* Required action:
For every line below, restate it exactly and drop the images.

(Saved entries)
◇ ◇ ◇
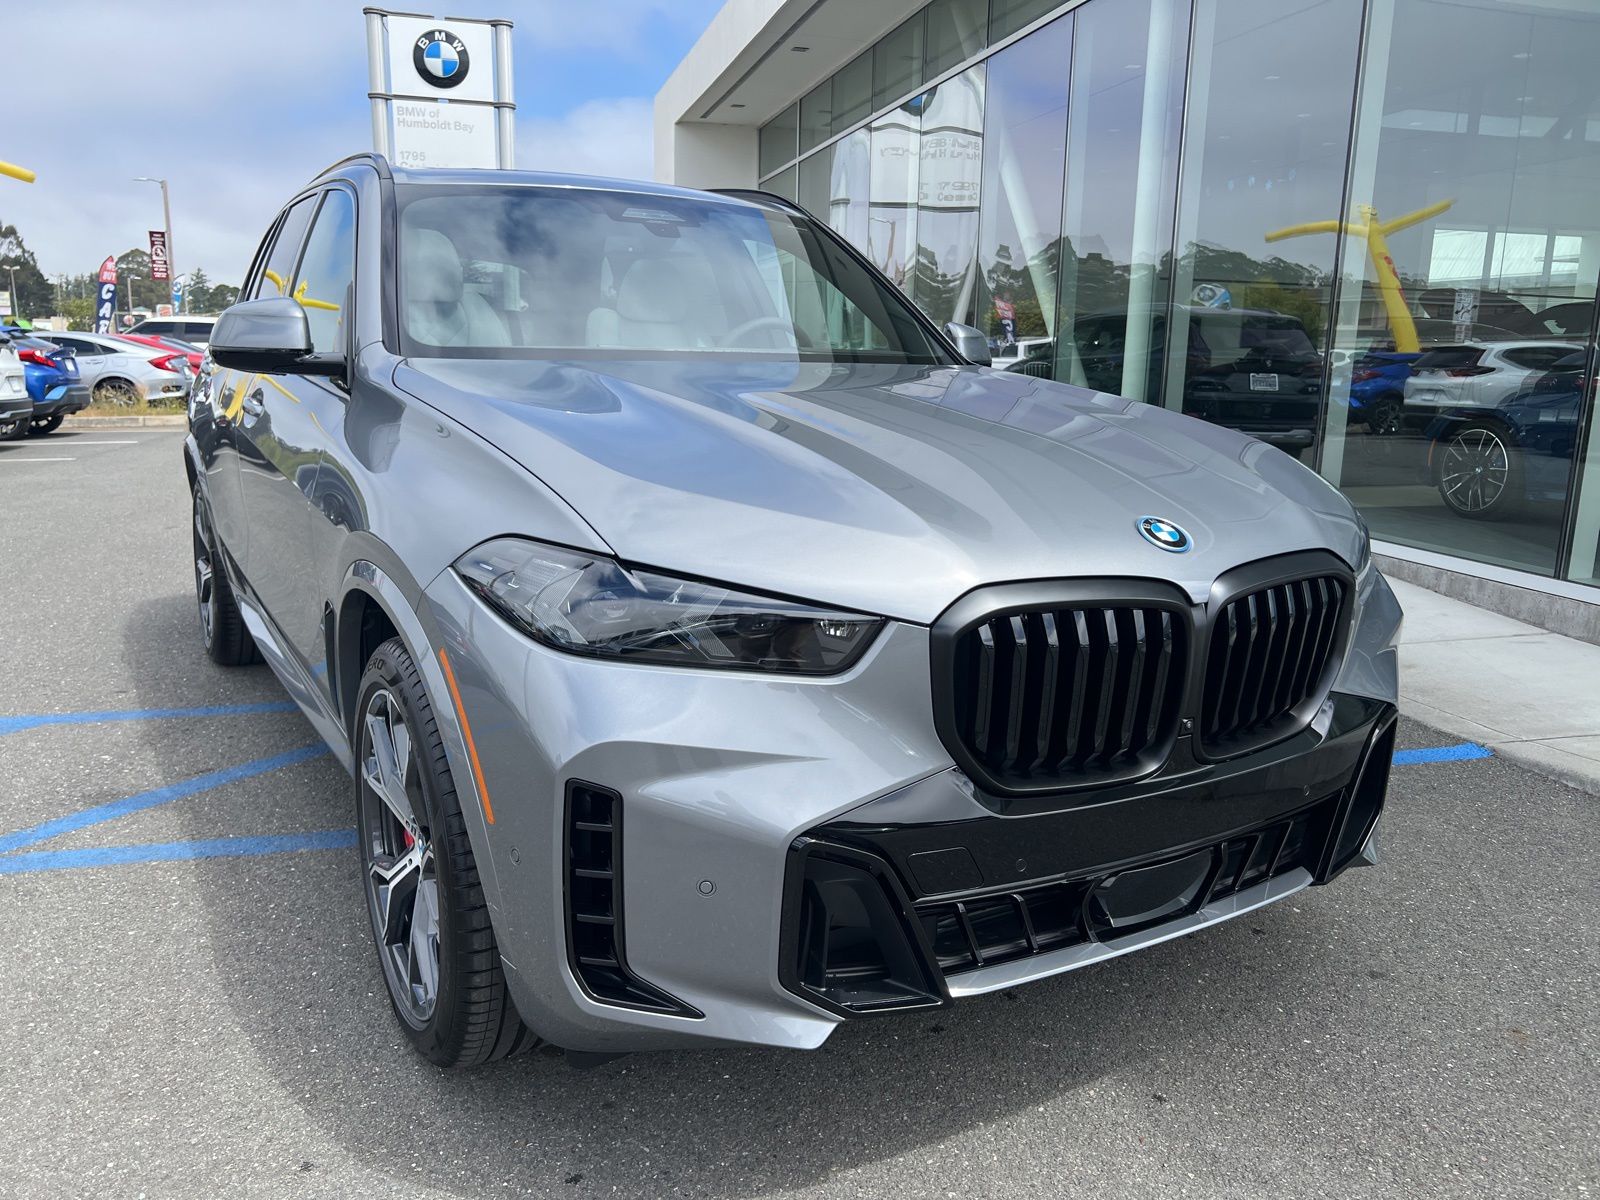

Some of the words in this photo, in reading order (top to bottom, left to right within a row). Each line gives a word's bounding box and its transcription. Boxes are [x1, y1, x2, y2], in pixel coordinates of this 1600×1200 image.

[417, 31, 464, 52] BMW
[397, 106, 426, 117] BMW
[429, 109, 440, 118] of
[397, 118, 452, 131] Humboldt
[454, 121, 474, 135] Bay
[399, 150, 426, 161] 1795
◇ ◇ ◇
* Exercise solution:
Some of the words in this photo, in reading order (top to bottom, left to right within a row). Each line gives a word's bounding box and its transcription. Boxes are [x1, y1, x2, y2], in pixel coordinates of this 1600×1200 image.

[417, 31, 464, 52] BMW
[397, 106, 426, 117] BMW
[429, 109, 440, 118] of
[397, 118, 452, 131] Humboldt
[454, 121, 474, 135] Bay
[399, 150, 426, 161] 1795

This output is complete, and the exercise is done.